Exercise material -
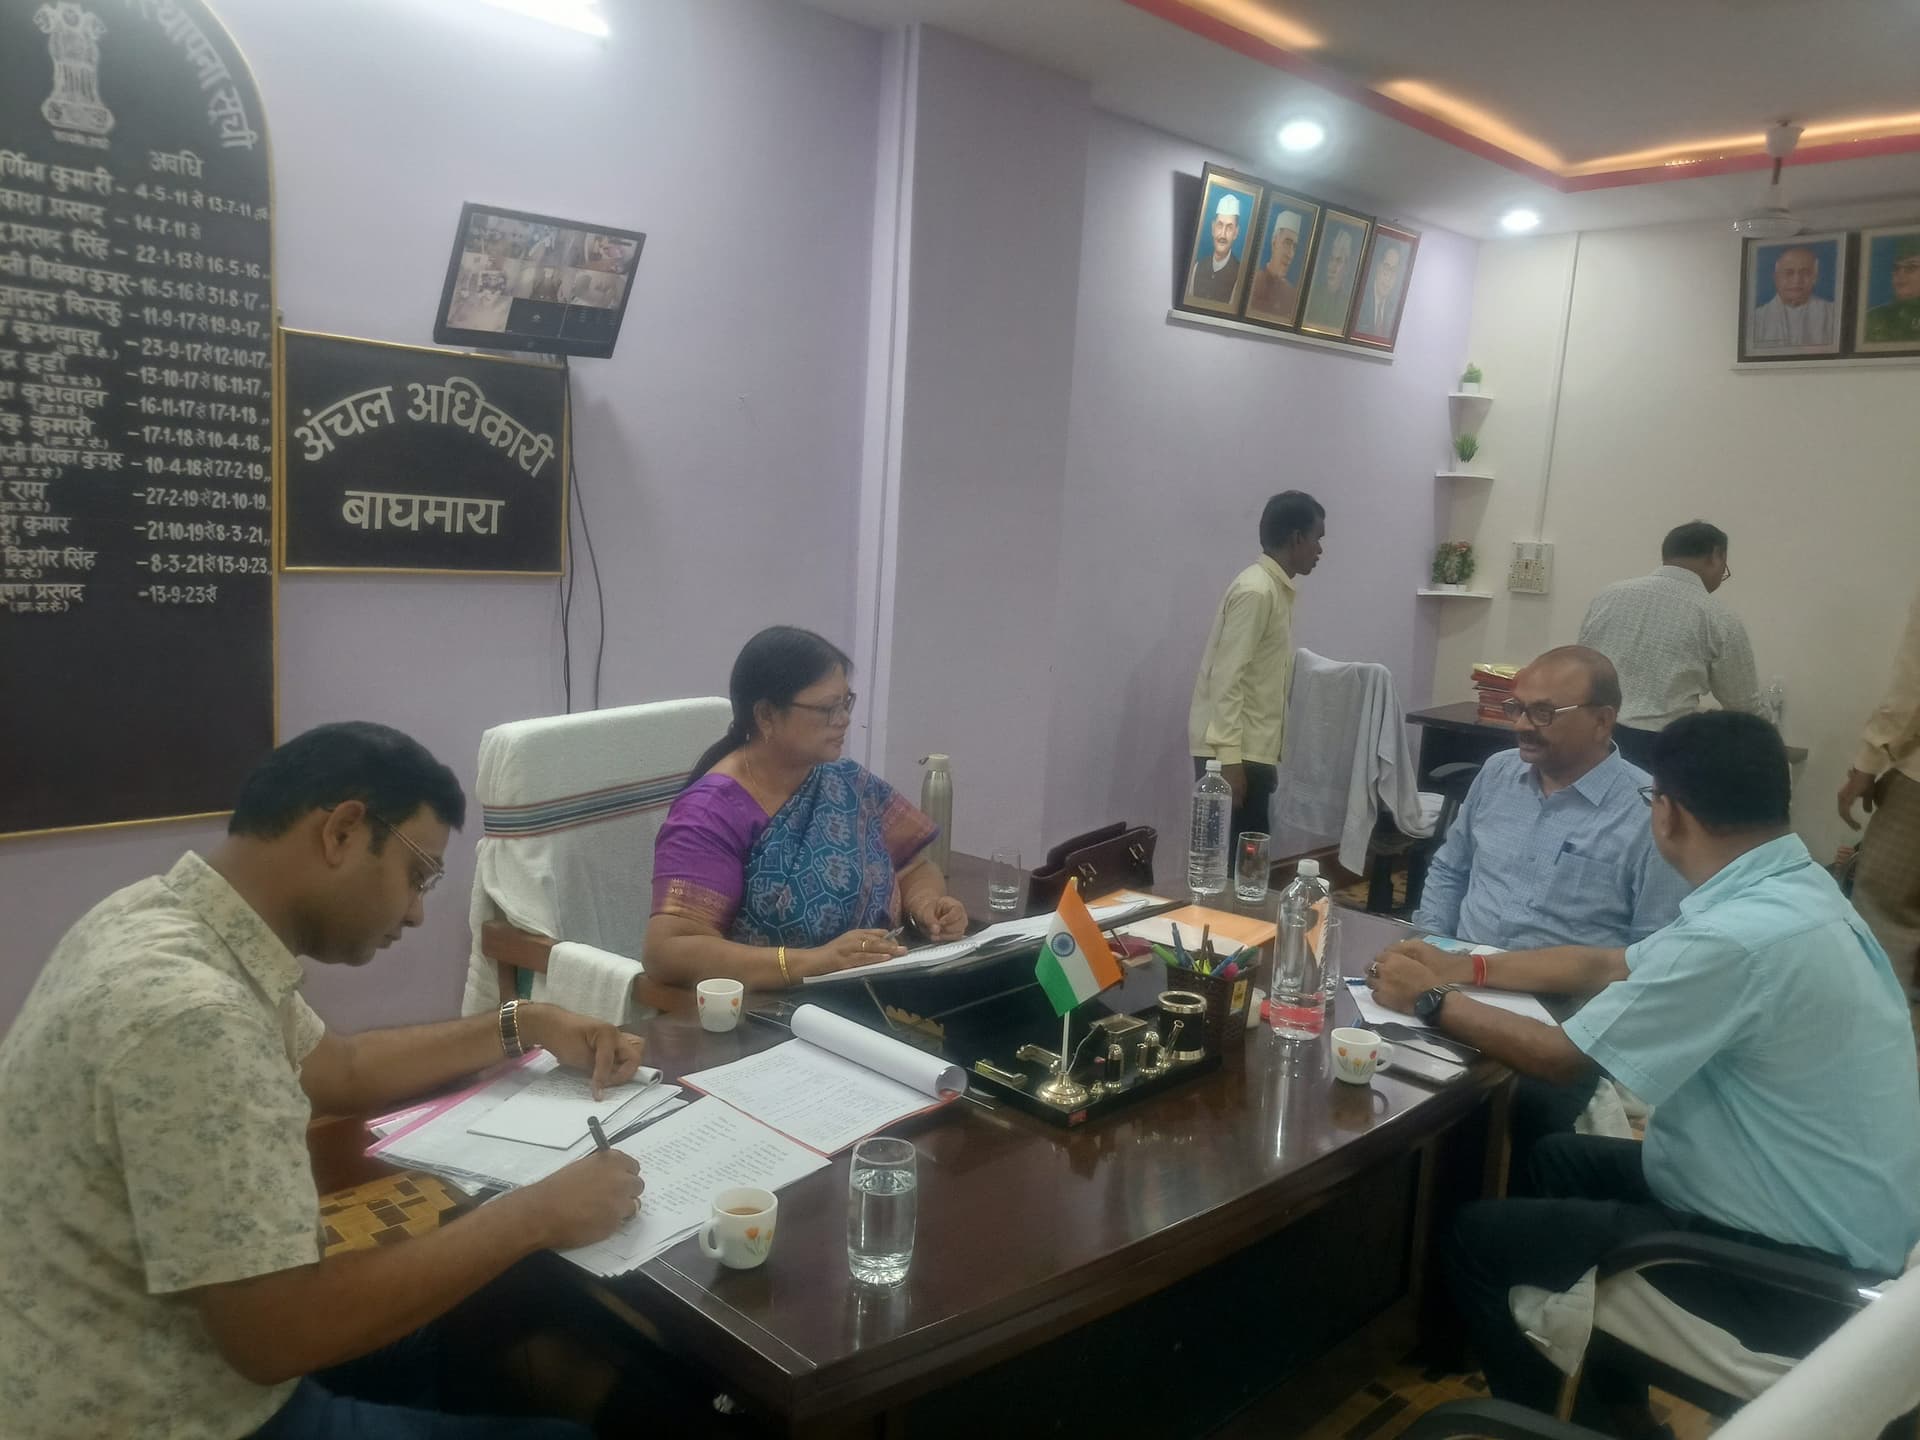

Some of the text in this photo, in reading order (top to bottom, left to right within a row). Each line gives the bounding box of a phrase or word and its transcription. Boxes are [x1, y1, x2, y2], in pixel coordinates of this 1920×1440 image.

[150, 149, 206, 180] अवधि
[50, 165, 115, 195] कुमारी
[48, 196, 107, 229] प्रसाद
[70, 228, 111, 261] सिंह
[12, 320, 102, 348] कुशवाहा
[21, 383, 110, 408] कुशवाहा
[30, 416, 96, 437] कुमारी
[294, 377, 554, 477] अंचल अधिकारी
[81, 451, 125, 471] कुजूर
[9, 481, 50, 501] राम
[342, 491, 505, 534] बाघमारा
[23, 516, 72, 536] कुमार
[4, 546, 60, 568] किशोर
[63, 547, 98, 571] सिंह
[34, 584, 86, 602] प्रसाद
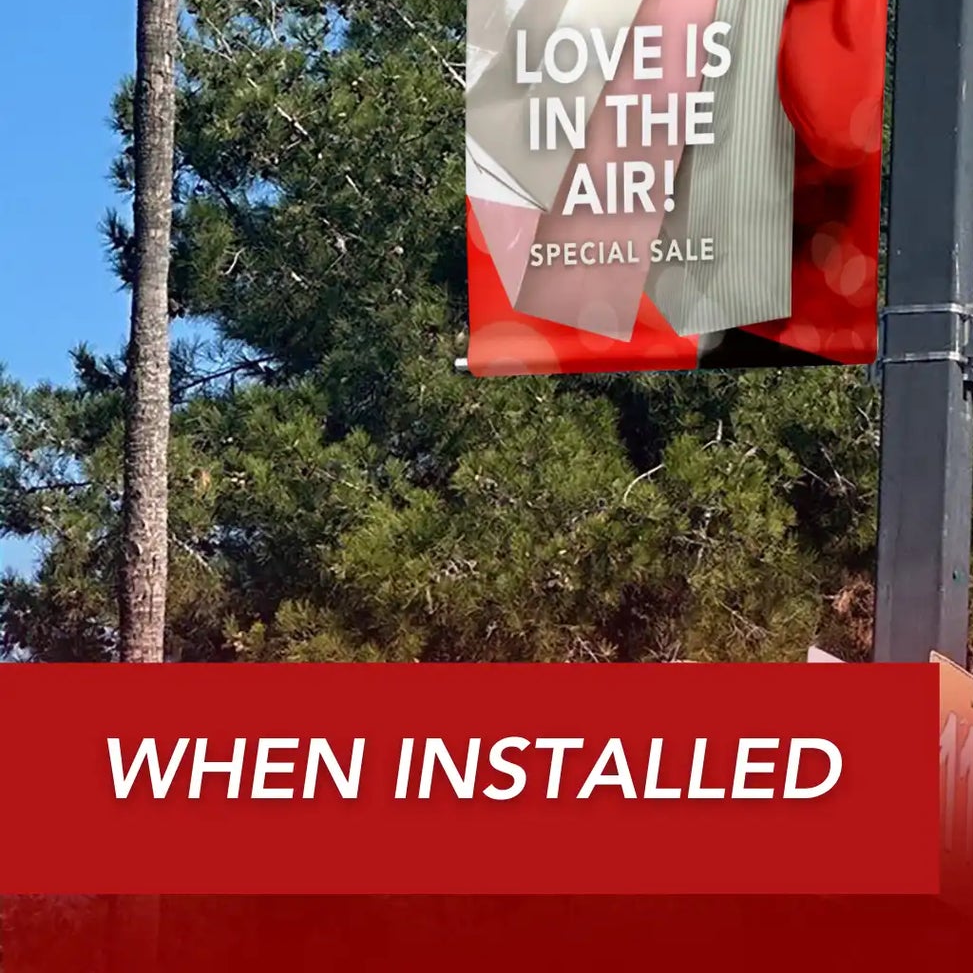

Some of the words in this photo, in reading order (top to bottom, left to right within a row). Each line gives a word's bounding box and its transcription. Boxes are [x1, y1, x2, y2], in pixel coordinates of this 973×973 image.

[515, 25, 664, 84] LOVE
[685, 20, 733, 79] IS
[529, 95, 586, 151] IN
[605, 91, 716, 149] THE
[561, 159, 676, 216] AIR!
[529, 239, 640, 267] SPECIAL
[649, 237, 715, 263] SALE

Exercise requirements -
Your answer must be an exact transcription of the records above, minus the pictures.

Answer box -
Some of the text in this photo, in reading order (top to bottom, left to right within a row). Each line gives the bounding box of a phrase or word and its transcription. Boxes are [x1, y1, x2, y2], in pixel coordinates of this 1920×1440 image.

[150, 149, 206, 180] अवधि
[50, 165, 115, 195] कुमारी
[48, 196, 107, 229] प्रसाद
[70, 228, 111, 261] सिंह
[12, 320, 102, 348] कुशवाहा
[21, 383, 110, 408] कुशवाहा
[30, 416, 96, 437] कुमारी
[294, 377, 554, 477] अंचल अधिकारी
[81, 451, 125, 471] कुजूर
[9, 481, 50, 501] राम
[342, 491, 505, 534] बाघमारा
[23, 516, 72, 536] कुमार
[4, 546, 60, 568] किशोर
[63, 547, 98, 571] सिंह
[34, 584, 86, 602] प्रसाद

Some of the words in this photo, in reading order (top to bottom, left to right within a row). Each line gives a word's bounding box and its transcription. Boxes are [x1, y1, x2, y2], in pixel coordinates of this 973×973 image.

[515, 25, 664, 84] LOVE
[685, 20, 733, 79] IS
[529, 95, 586, 151] IN
[605, 91, 716, 149] THE
[561, 159, 676, 216] AIR!
[529, 239, 640, 267] SPECIAL
[649, 237, 715, 263] SALE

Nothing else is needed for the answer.